La photographie a un statut particulier dans le rapport de l'humain moderne à la nature.


En ce qui concerne notre voyage actuel en Islande, tout a probablement commencé lorsque nous avons, par le passé, vu des photographies de l'Islande. Notre imaginaire s'était alors mis en route, jusqu'à la réalisation actuelle de notre souhait de visiter ce pays. De plus, le premier instrument que les touristes dégainent lorsqu'ils rencontrent une scène naturelle remarquable est leur appareil photo. Un touriste-photographe, muni de son boîtier, de ses objectifs kilométriques et de son trépied, ressemble à une sorte de militaire en mission de reconnaissance.



Ces éléments me poussent inévitablement à me questionner sur mon propre usage de l'appareil photo. Lorsque je prends un cliché, suis-je en train, finalement, de faire comme beaucoup de touristes, c'est-à-dire de "capturer" la nature afin de la posséder dans ma collection de conquêtes exotiques ? La nature ne perd-elle pas quelque chose lorsqu'elle est figée sur une simple photo ? Ma perception de la nature n'est-elle pas bridée lorsque je la filtre à travers un vulgaire appareil technologique ? Ne devrais-je pas plutôt laisser l'appareil à la maison et aller embrasser la nature avec tous mes sens ? En somme, l'appareil photo est-il un obstacle à une authentique appréciation de la nature ?


Comme la photographie occupe une place centrale dans notre projet, je souhaite dire quelques mots sur mon (notre ?) approche de la photographie. Je ne parlerai que de la photo nature (de paysage), qui n'a peut-être que peu de liens avec les autres domaines tels que la photo de reportage, le portrait, la photo en studio, etc.


On peut prendre une photo de la nature pour plusieurs raisons. J'en citerai seulement deux.


D'abord, on peut souhaiter garder un souvenir de ce que l'on a vu. Lorsque j'ai aperçu pendant à peine quelques secondes un renard polaire au crépuscule, dans la péninsule du Snaefell, j'aurais aimé pouvoir en garder une petite photo, afin de pouvoir agrandir le cliché et mieux distinguer l'animal. Le moment a été éphémère, et la photo aurait été une matérialisation de cette expérience. L'image aurait complété et gardé mon souvenir à jour. En ce sens, la photo aurait été une extension de ma mémoire.

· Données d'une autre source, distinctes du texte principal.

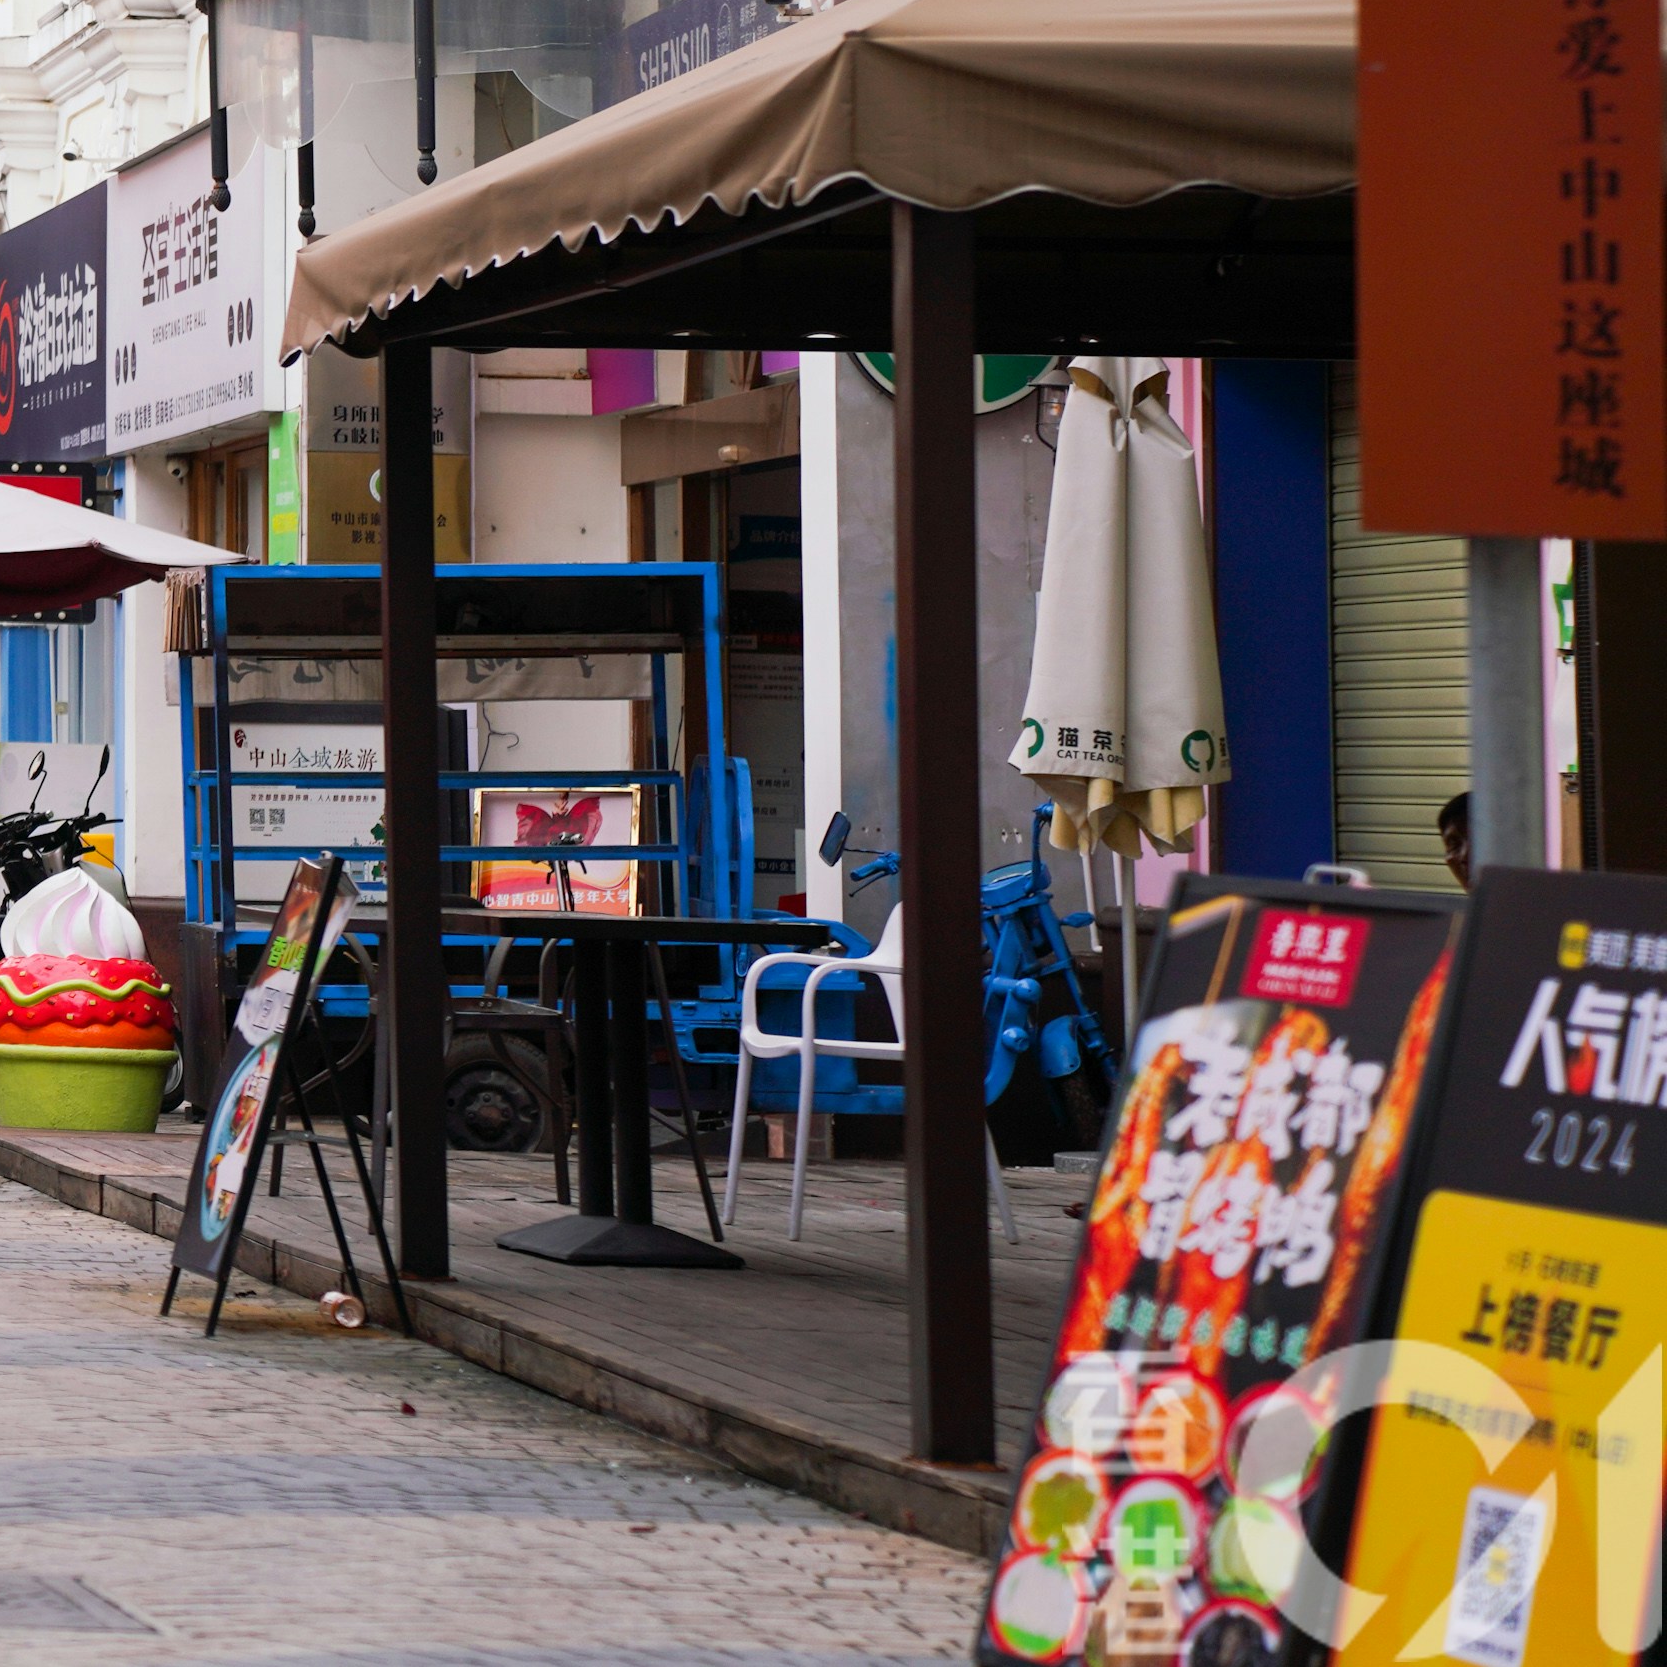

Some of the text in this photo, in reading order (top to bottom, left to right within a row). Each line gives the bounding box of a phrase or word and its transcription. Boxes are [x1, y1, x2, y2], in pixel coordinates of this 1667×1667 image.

Mais surtout, lorsque l'on a vu quelque chose de particulièrement beau, on peut espérer que prendre une photo permettrait de revivre cette sensation de beauté en voyant la photo elle-même plutôt que la scène d'origine. L'image est ici plus qu'un souvenir; ce qu'elle a en plus est qu'elle est censée être belle. (J'utilise ici le mot "beauté" au sens très large de ce qui est remarquable et/ou plaisant aux yeux.) Une telle photo pourrait idéalement être exposée dans un cadre et susciter un sentiment de beauté chez un spectateur n'ayant pas vécu l'expérience d'origine.


Prendre une photo d'une belle nature est relativement facile : il suffit d'appuyer sur le bouton au bon moment (d'accord, avoir le rapace en plein vol bien net est quand-même difficile, mais admettons). Le véritable défi est : comment prendre une belle photo ? Nous avons tous constaté que photographier une belle scène réelle ne produit pas facilement une photo belle en elle-même. Les couleurs étaient si lumineuses et châtoyantes dans mon souvenir, pourquoi sont-elles si fades et mornes sur ma photo ? La cascade me semblait si imposante, pourquoi m'apparaît-elle anodine sur mon cliché ?


Ceci m'amène à la question centrale de ce petit texte.



Une photographie est-elle une reproduction d'une expérience visuelle ?


Malgré ce que l'on peut penser aux premiers abords, une photographie n'est pas une reproduction de ce que voit le photographe. On considère souvent que la peinture, par exemple, est plus artistique ou expressive parce qu'elle est intégralement produite par le peintre, alors que dans une photo, l'auteur ne s'exprime qu'à moitié (dans le choix du cadre, de la scène, etc.) et laisse ensuite la scène réelle faire le reste du boulot, c'est-à-dire s'imprimer telle quelle sur la pellicule.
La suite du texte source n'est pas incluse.